What is being asked ▸ Return the line containing "this 1250×1667 image." and every line after it through the end of the entries below, with no other lines.
Top of Data to process
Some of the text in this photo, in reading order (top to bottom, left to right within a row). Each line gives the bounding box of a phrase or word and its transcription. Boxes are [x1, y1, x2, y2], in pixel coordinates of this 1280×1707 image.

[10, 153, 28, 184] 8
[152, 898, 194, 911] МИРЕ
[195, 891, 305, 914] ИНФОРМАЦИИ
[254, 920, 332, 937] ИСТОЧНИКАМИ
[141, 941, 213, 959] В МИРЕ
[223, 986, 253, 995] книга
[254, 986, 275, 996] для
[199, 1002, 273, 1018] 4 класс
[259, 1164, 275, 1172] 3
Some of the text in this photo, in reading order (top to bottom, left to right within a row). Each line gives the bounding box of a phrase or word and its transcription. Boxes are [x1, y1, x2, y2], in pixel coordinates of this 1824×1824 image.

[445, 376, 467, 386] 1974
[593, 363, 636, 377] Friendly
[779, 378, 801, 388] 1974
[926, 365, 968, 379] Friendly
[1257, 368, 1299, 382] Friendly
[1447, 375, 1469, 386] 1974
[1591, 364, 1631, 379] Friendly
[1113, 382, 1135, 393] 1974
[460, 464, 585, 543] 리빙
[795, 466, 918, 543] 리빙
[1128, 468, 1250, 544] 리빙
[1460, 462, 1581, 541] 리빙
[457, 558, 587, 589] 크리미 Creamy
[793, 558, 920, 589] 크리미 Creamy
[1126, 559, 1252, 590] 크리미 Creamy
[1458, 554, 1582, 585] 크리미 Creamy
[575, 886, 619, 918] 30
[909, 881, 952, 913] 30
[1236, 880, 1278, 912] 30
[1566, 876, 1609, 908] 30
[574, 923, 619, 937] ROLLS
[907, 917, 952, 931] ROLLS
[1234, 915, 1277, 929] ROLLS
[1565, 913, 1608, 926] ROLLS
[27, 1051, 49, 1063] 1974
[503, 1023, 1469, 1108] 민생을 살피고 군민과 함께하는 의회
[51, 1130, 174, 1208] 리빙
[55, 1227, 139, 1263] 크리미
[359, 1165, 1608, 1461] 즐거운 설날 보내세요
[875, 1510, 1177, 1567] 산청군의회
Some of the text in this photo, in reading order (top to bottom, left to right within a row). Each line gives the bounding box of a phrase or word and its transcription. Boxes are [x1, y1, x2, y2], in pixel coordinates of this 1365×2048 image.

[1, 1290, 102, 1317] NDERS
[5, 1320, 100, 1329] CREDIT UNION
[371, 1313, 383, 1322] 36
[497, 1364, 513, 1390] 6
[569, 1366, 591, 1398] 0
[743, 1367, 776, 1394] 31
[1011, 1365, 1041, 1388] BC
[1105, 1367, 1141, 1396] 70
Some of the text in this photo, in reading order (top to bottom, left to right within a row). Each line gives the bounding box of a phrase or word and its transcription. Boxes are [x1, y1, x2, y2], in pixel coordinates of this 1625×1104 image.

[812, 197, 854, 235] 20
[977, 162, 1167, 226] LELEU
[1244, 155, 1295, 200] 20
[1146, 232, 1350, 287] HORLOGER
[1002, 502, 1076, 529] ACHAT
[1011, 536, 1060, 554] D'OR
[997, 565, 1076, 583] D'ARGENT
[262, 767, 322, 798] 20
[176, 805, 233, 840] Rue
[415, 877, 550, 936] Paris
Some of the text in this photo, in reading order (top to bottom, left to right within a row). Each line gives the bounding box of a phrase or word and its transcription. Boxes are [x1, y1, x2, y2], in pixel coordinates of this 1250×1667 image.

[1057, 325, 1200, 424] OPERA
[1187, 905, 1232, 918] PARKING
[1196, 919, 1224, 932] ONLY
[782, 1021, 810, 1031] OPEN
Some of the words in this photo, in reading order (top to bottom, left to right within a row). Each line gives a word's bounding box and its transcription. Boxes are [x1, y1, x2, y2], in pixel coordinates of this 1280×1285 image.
Bottom of Data to process
Solution to this exercise ▸
Some of the text in this photo, in reading order (top to bottom, left to right within a row). Each line gives the bounding box of a phrase or word and its transcription. Boxes are [x1, y1, x2, y2], in pixel coordinates of this 1250×1667 image.

[1057, 325, 1200, 424] OPERA
[1187, 905, 1232, 918] PARKING
[1196, 919, 1224, 932] ONLY
[782, 1021, 810, 1031] OPEN
Some of the words in this photo, in reading order (top to bottom, left to right within a row). Each line gives a word's bounding box and its transcription. Boxes are [x1, y1, x2, y2], in pixel coordinates of this 1280×1285 image.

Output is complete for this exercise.